Dave Rasnick has had exchanges with David Crowe about this, and concurs, “To my knowledge, they have not yet purified this virus.”
“…It’s like fingerprints. With PCR you’re only looking at a small number of nucleotide. You’re looking at a tiny segment of gene, like a fingerprint. When you have regular human fingerprints, they have to have points of confirmation. There are parts that are common to almost all fingerprints, and it’s those generic parts in a Corona virus that the PCR test picks up.
They can have partial loops but if you only took a few little samples of fingerprints you are going to come up with a lot of segments of RNA that we are not sure have anything to do with corona virus. They will still show up in PCR. You can get down to the levels where its biologically irrelevant and then amplify it a trillion-fold.”
“The primers are what you know. We already know the strings of RNA for the Corona family, the regions that are stable. That’s at one end. Then you look at the other end of the region, for all Corona viruses. The Chinese decided that there was a region in those stable areas that was unique to their Corona virus. You do PCR to see if that is true. If it is truly unique it would work. But they’re using the SARS test because they don’t really have one for the new virus.”
“SARS isn’t the virus that stopped the world,” I offer.
“PCR for diagnosis is a big problem,” he continues. “When you have to amplify it these huge numbers of time, it’s going to generate massive amounts of false positives. Again, I’m skeptical that a PCR test is ever true.”
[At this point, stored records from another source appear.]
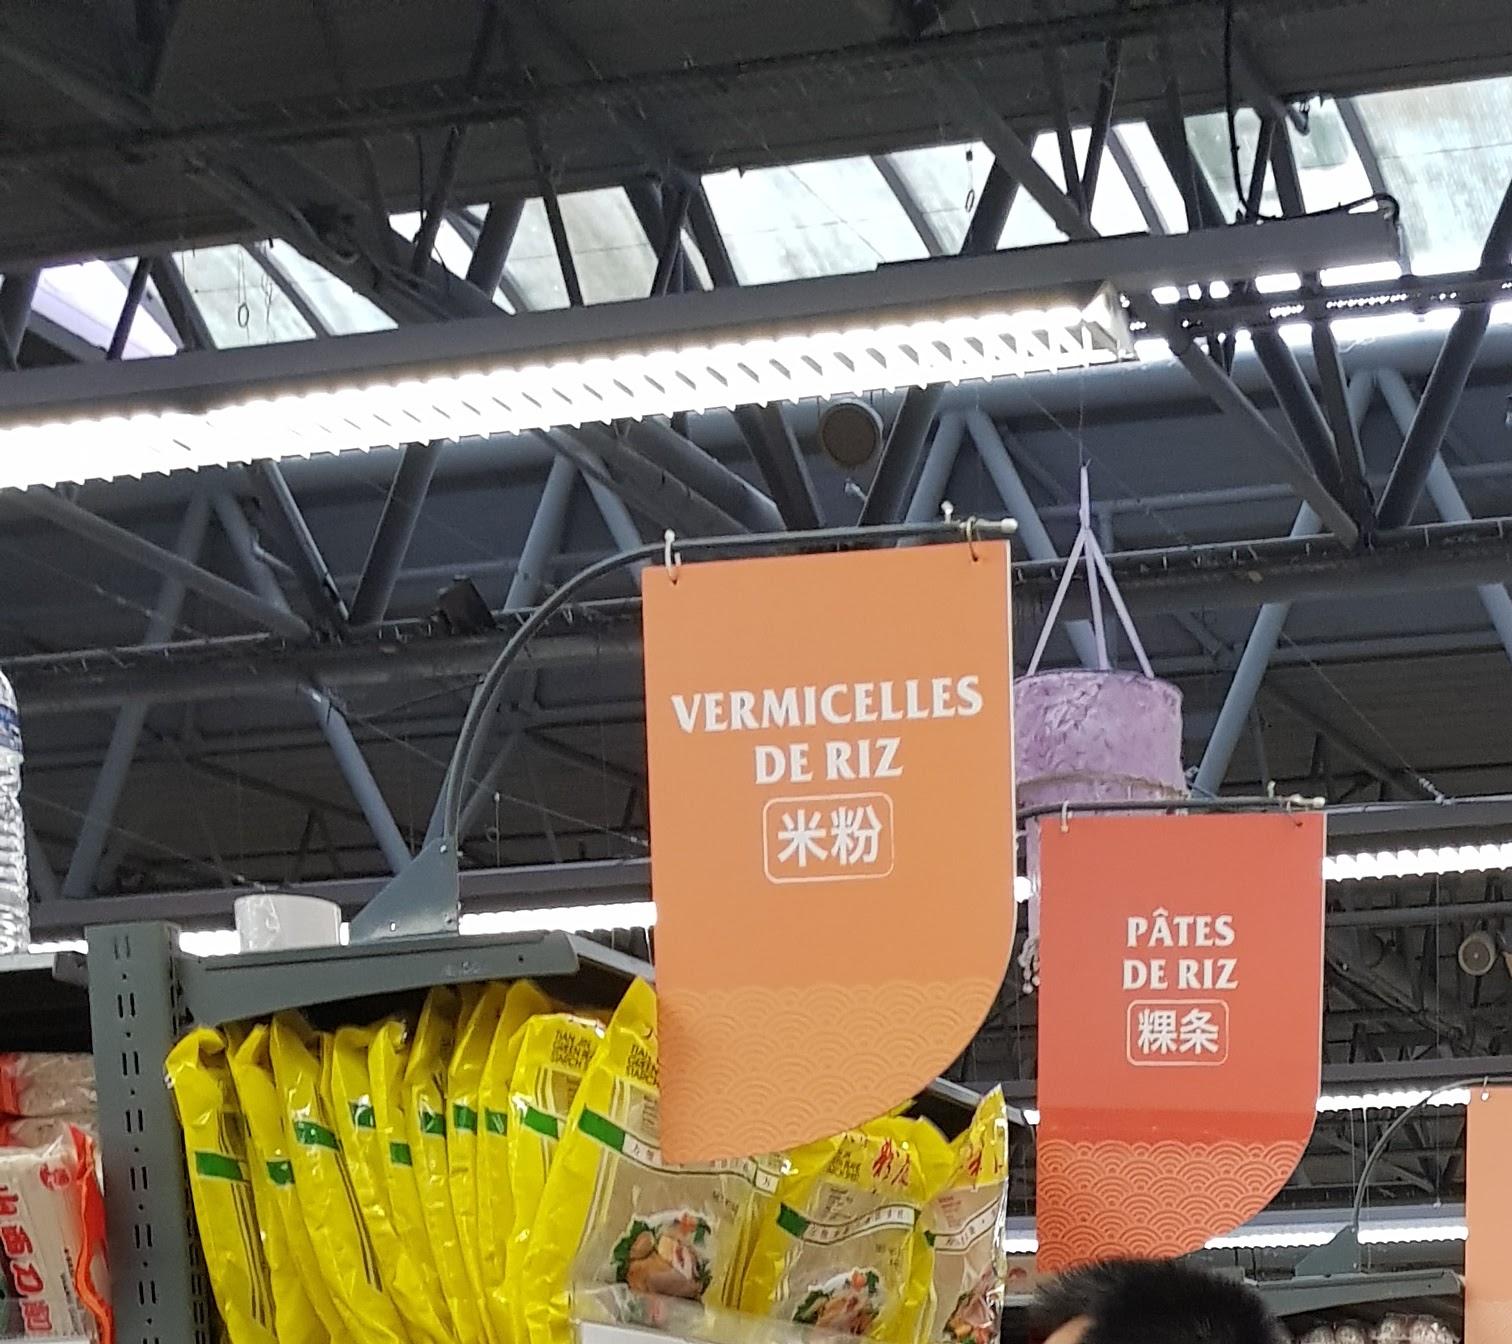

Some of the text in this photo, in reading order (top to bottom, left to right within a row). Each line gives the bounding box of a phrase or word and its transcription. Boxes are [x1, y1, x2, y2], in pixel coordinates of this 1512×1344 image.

[671, 676, 983, 735] VERMICELLES
[754, 736, 904, 785] DE RIZ
[777, 804, 884, 868] 米粉
[1126, 908, 1236, 948] PÂTES
[1122, 956, 1238, 990] DE RIZ
[1137, 1007, 1220, 1056] 粿条
“…I don’t think they understand what they’re doing,” he said. “I think it’s out of control. They don’t know how to end this. This is what I think what happened: They have built a pandemic machine over many years and, and as you know, there was a pandemic exercise not long before this whole thing started.”
It is absolutely essential to understand that testing “positive” for COVID-19 does NOT mean you have the virus.
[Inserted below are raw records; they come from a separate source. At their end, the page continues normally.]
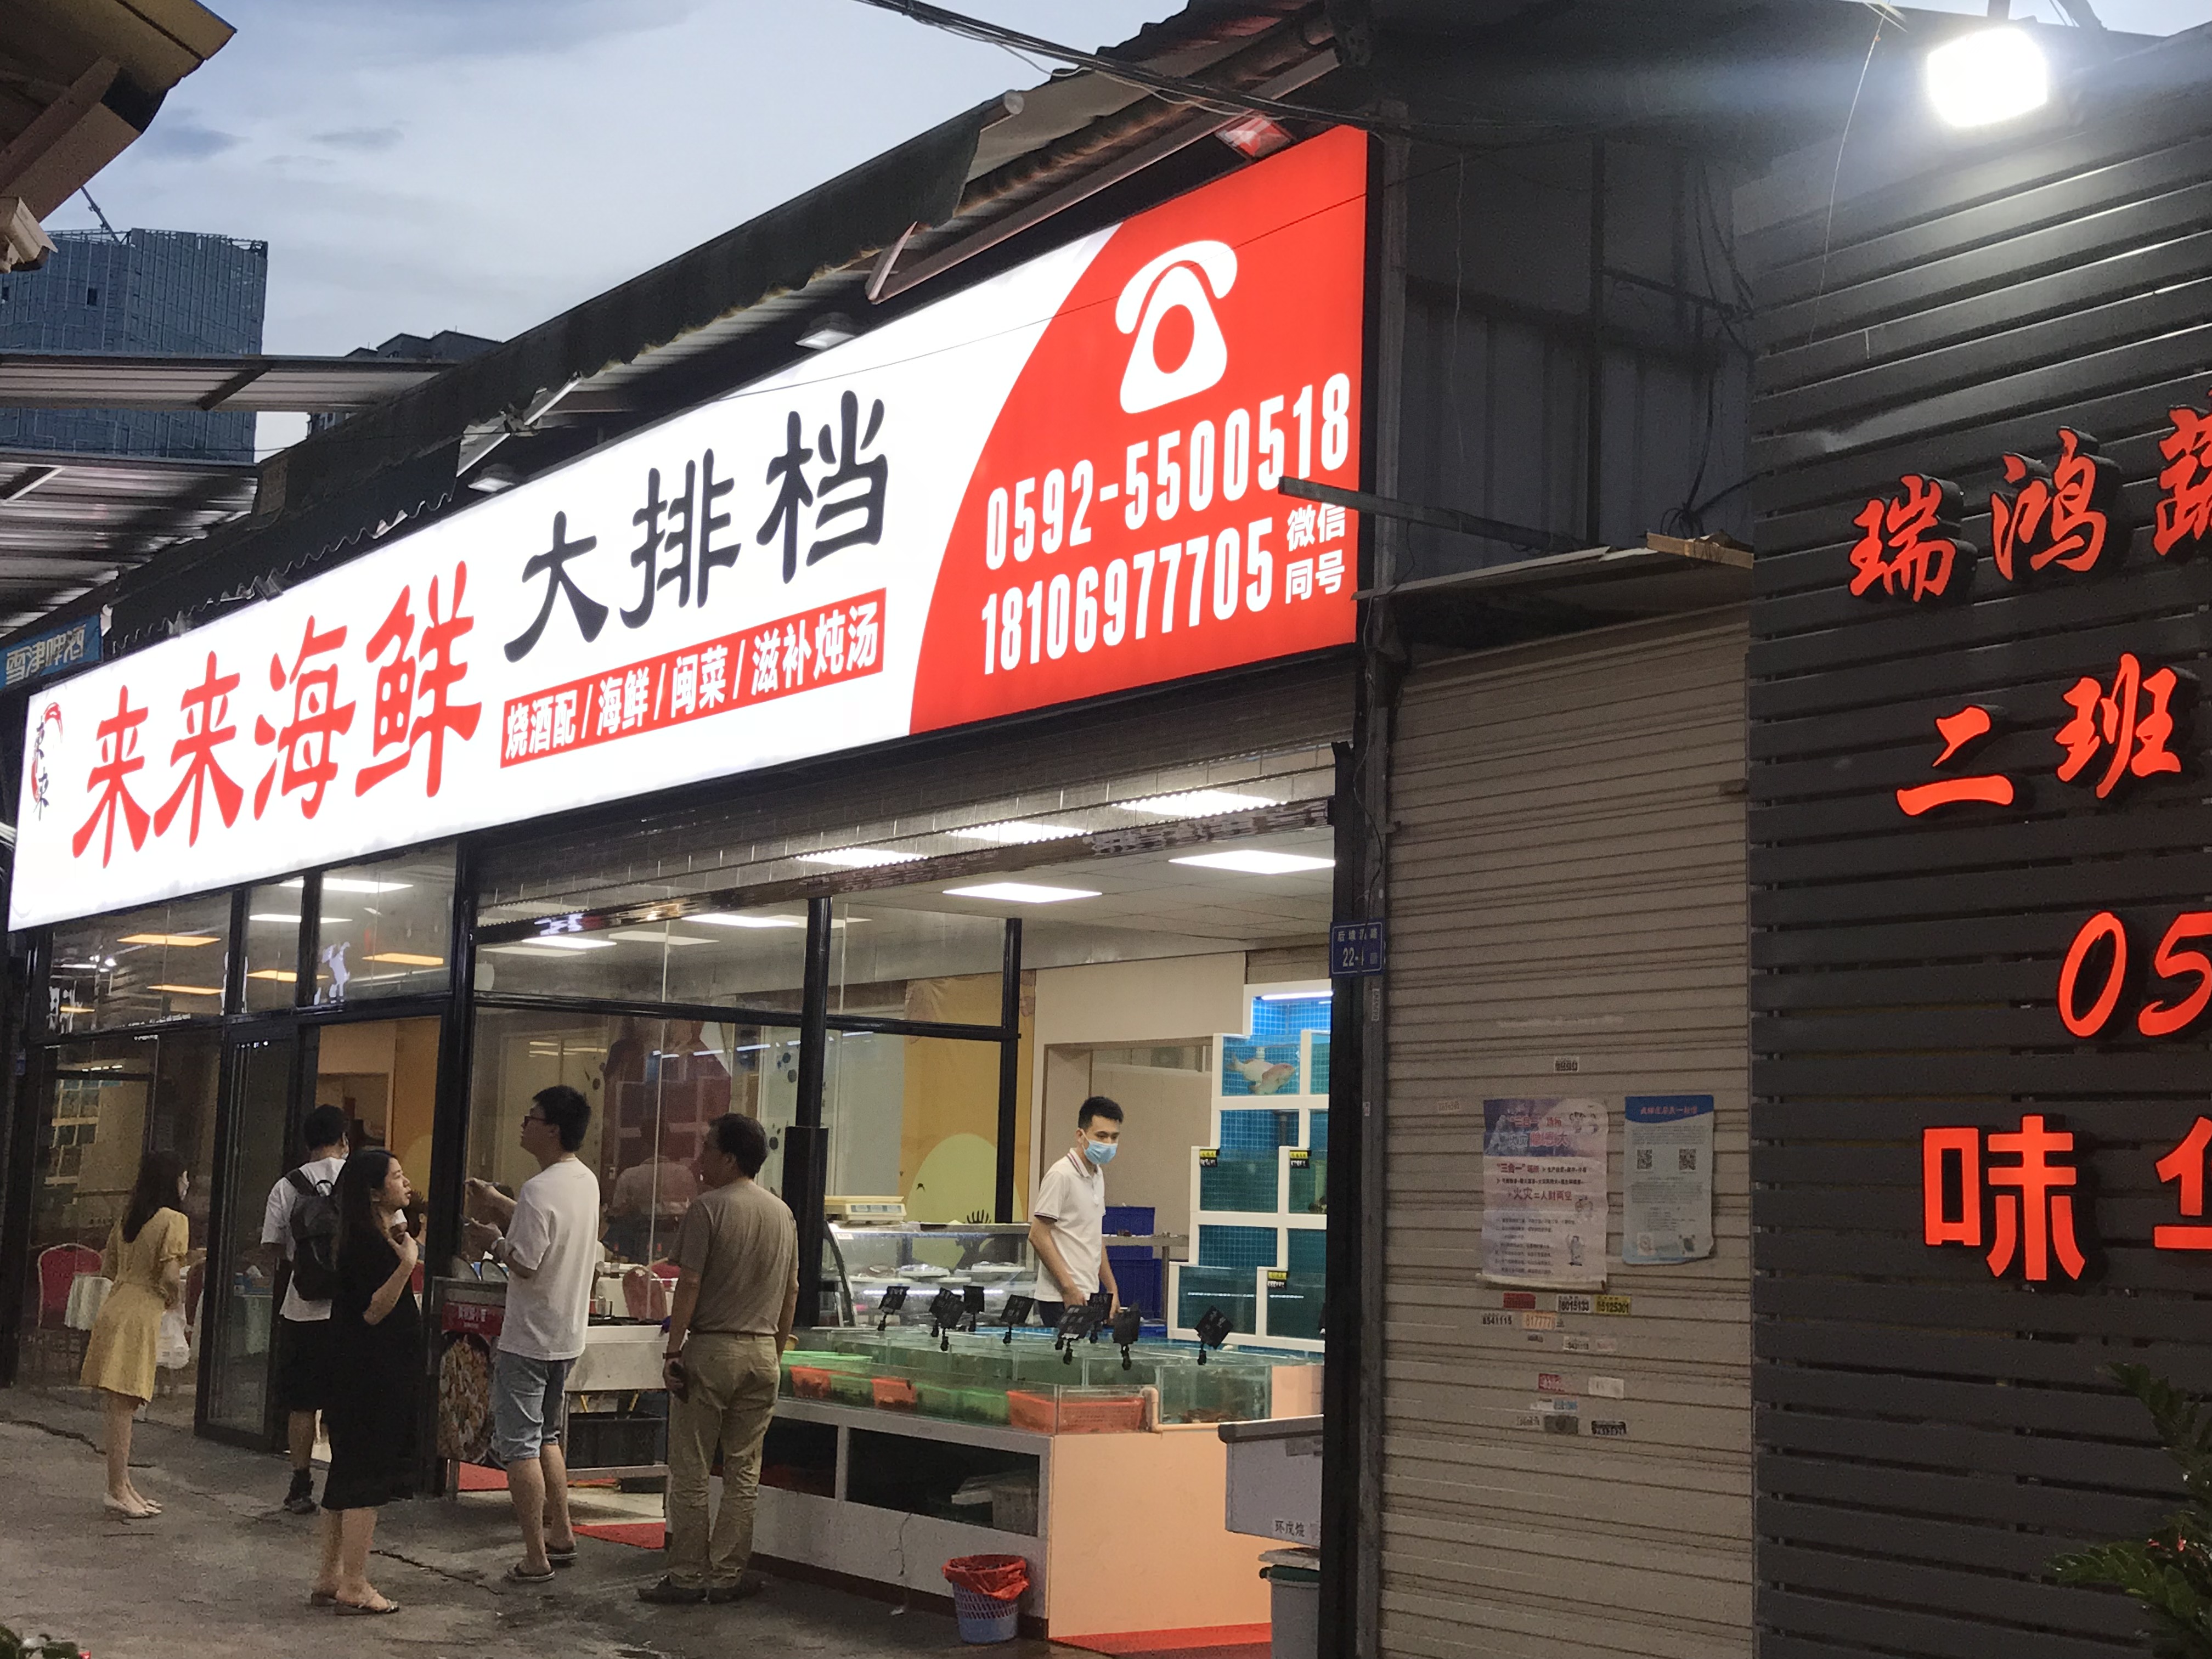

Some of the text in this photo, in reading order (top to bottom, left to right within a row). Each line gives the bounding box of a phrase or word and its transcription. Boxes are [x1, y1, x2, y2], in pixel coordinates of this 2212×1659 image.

[986, 373, 1350, 571] 0592-5500518
[1286, 503, 1346, 552] 微信
[72, 390, 889, 868] 来来海鲜 大排档
[982, 517, 1273, 674] 18106977705
[1285, 549, 1345, 604] 同号
[1897, 653, 2181, 816] 二班
[2057, 911, 2212, 1037] 05
This PCR test does not even conclusively test for COVID-19, but rather for a small sequence of genetic material that they presume, without confirmation, to be a “fingerprint” of COVID-19.
The COVID-19 virus has NEVER been isolated in a lab. Never.
Despite what the media may claim about the accuracy of the PCR test, it is not a ‘gold standard’.
Depending on the arbitrary level of this “fingerprint” they decide is the threshold for infection, they can claim nobody is infected or everybody is infected.
The PCR test was never meant to be a tool to diagnose disease for this reason.
99% of people who “die of coronavirus” have life-threatening conditions to begin with, and the vast majority are elderly.
And, of course, Israel is now leading the charge, claiming the “Second Wave™” of corona pandemic has arrived — and at the same time the Israeli Health Ministry is admitting that 98% of corona patients have pre-existing, life-threatening conditions.
They will “save the world” — tikkun olam — as a role model for the rest of us — the media will demand that we follow Israel’s lead.